Die weitere Befragung brachte nichts Neues, außer dass deutlich wurde, dass, falls man tatsächlich einen Zusammenhang zwischen den beiden Vorfällen konstruieren würde, Olli in den Verdacht geriet, am Drogenhandel beteiligt zu sein.
Nach der Befragung redete Olli noch einmal aufgeregt auf Marko ein.

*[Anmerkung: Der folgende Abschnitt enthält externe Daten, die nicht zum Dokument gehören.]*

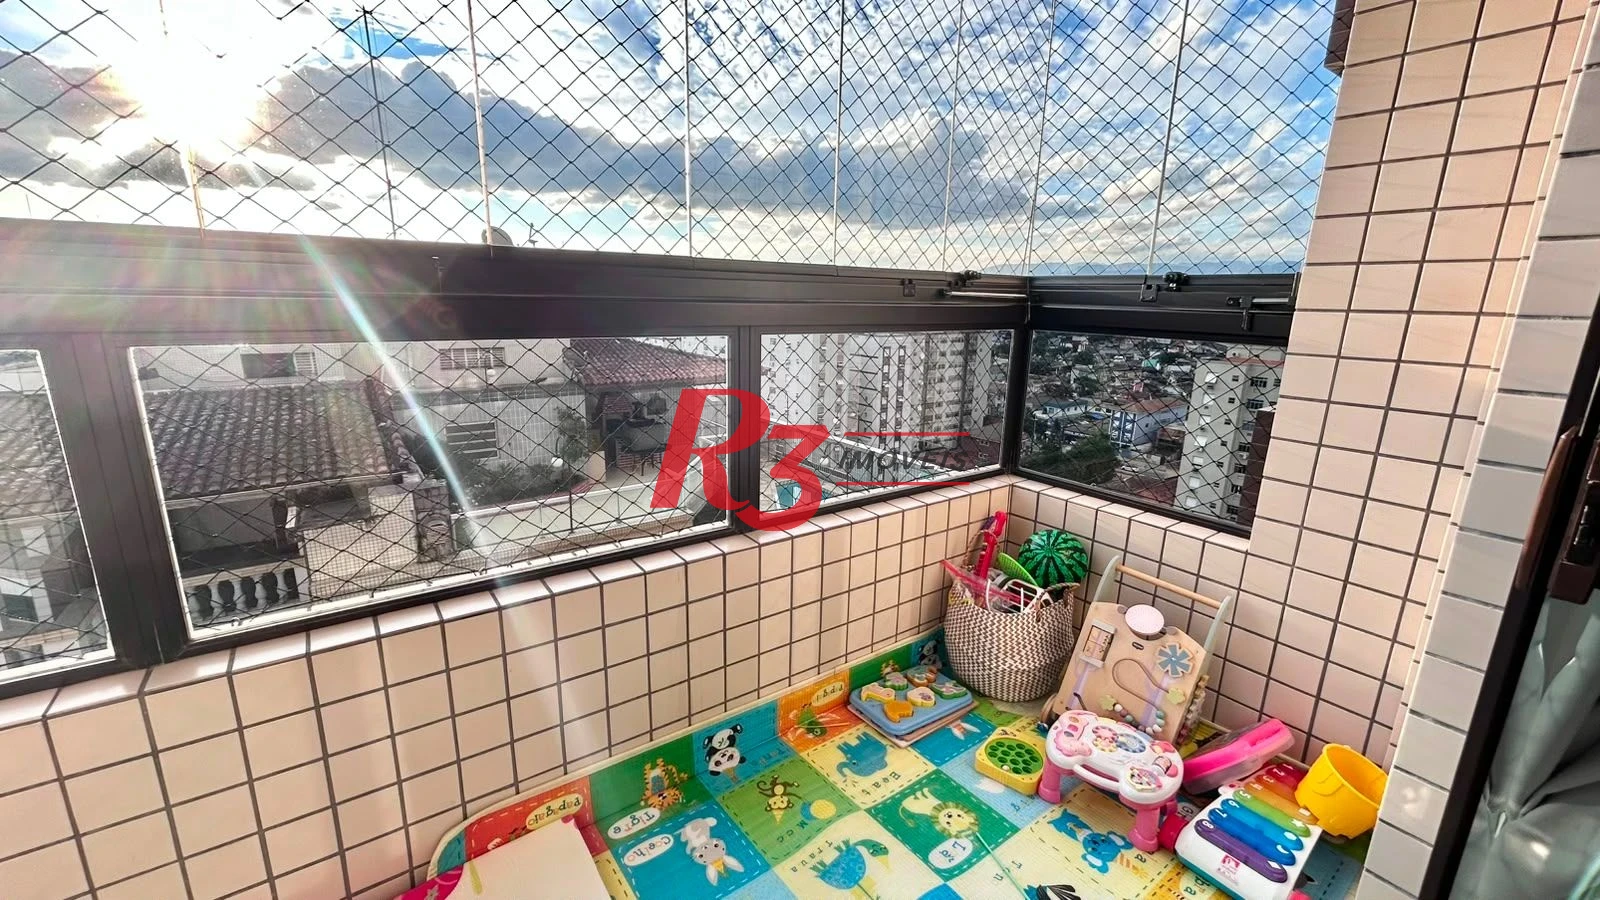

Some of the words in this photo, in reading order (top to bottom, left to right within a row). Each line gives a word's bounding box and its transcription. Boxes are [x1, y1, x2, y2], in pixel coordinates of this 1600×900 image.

[1239, 790, 1251, 798] 5
[527, 797, 581, 827] Papagaio
[612, 810, 655, 835] Tigre
[1202, 820, 1214, 829] 8
[625, 835, 671, 864] Coelho
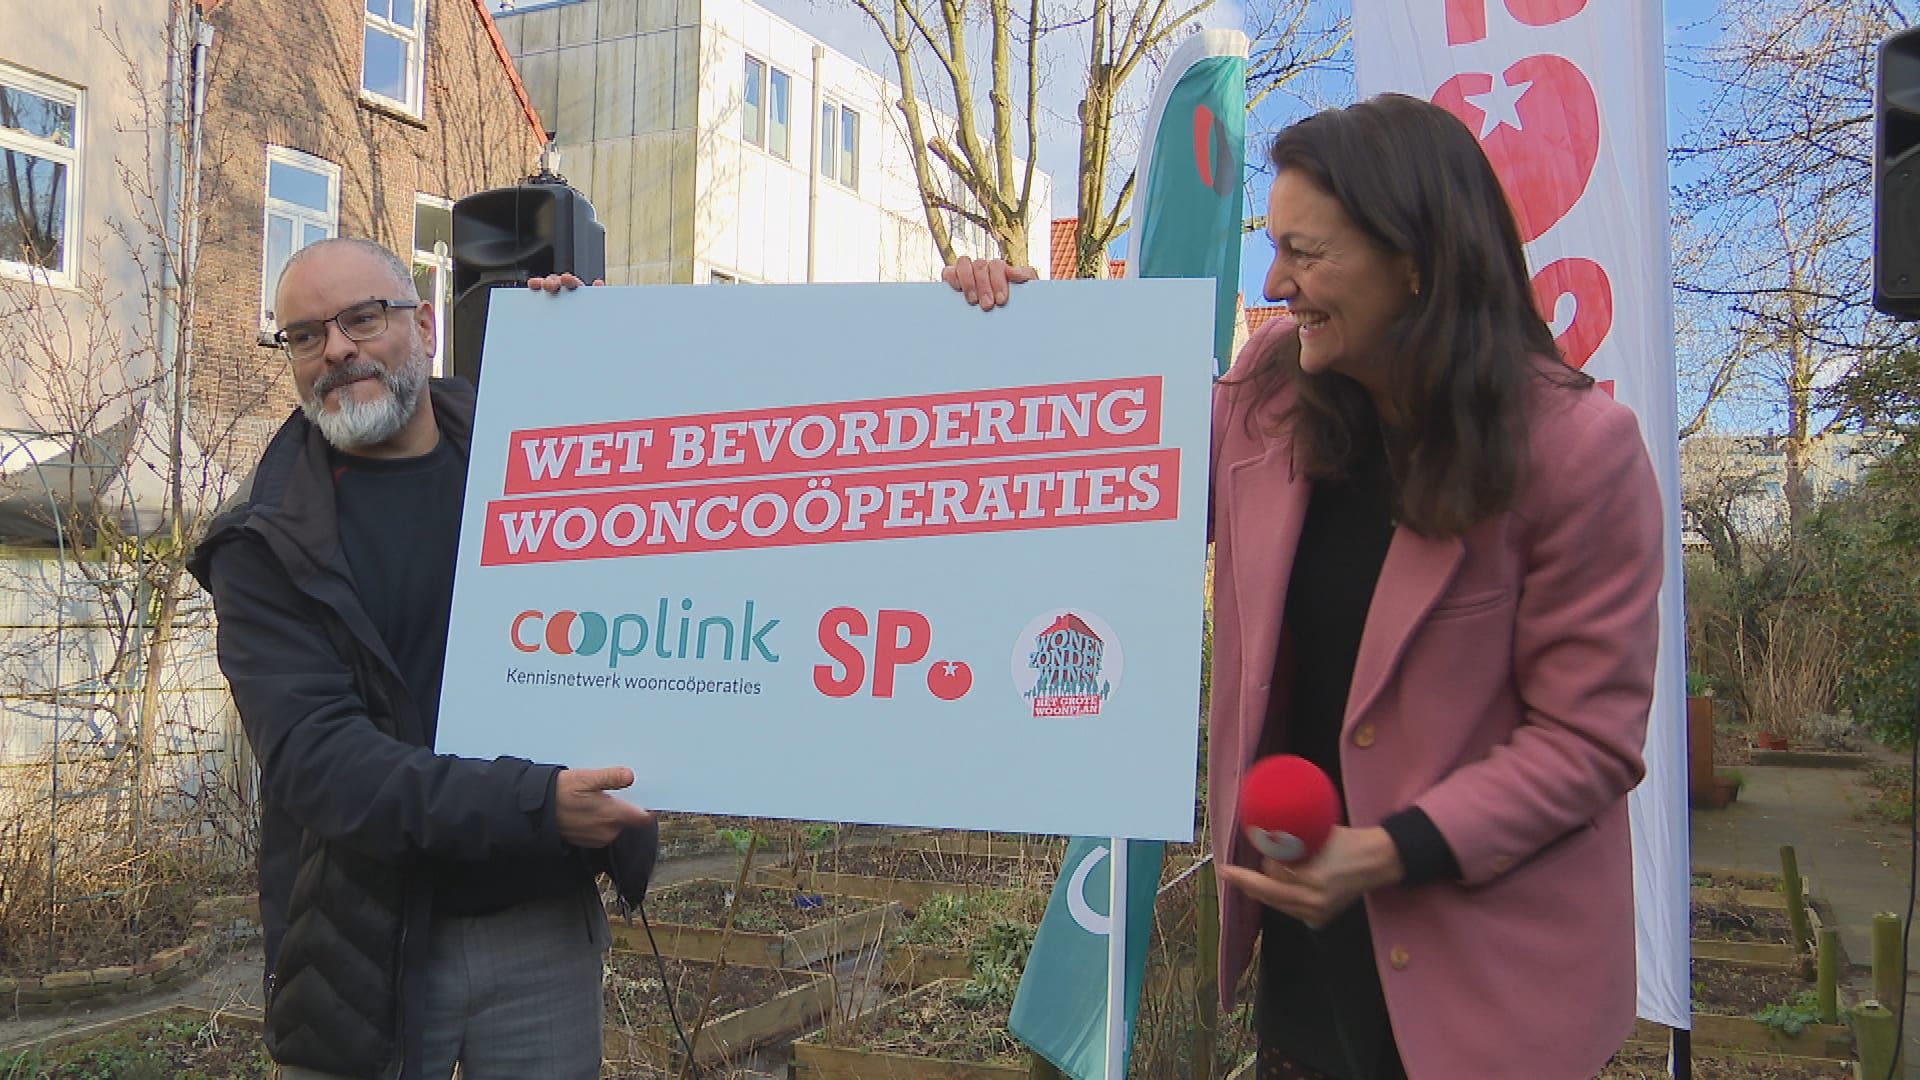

Er beschwor ihn, dass nicht nur er selbst, sondern auch sein verstorbener Kollege auf keinen Fall in den Drogenhandel verwickelt gewesen sei. Marko glaubte zwar nicht, dass Olli wirklich Hemmungen hätte oder nicht dumm genug wäre, sich auf solche Geschäfte einzulassen, er wusste aber mit Sicherheit, dass sein alter Freund einfach zu viel Angst hatte, um sich mit Leuten aus dieser Szene einzulassen.
***
Marko wartete neben Olli auf dem Flur darauf, dass der junge Kommissar ihnen das Protokoll zum Unterschreiben brachte. Auch Olli schwieg und starrte gedankenverloren auf den grauen Linoleumboden des Präsidiums.
»Oh je, wie sehen Sie denn aus? Was ist mit Ihnen passiert?« Die Stimme der jungen Privatdetektivin klang aufrichtig besorgt. Sie lächelte Marko an, während sie aufmerksam seine Beule betrachtete. Damit riss sie Marko aus seinen trüben Gedanken.
»Das sollten Sie kühlen!«, gab sie Marko als Rat noch mit auf den Weg. Dann marschierte sie schon zu Kommissar Werner ins Büro.
»Die hat mir gerade noch gefehlt«, maulte Olli.
»Wieso? Die ist doch ganz nett«, stellte Marko fest und sah auf die Bürotür, die sich hinter ihr schloss.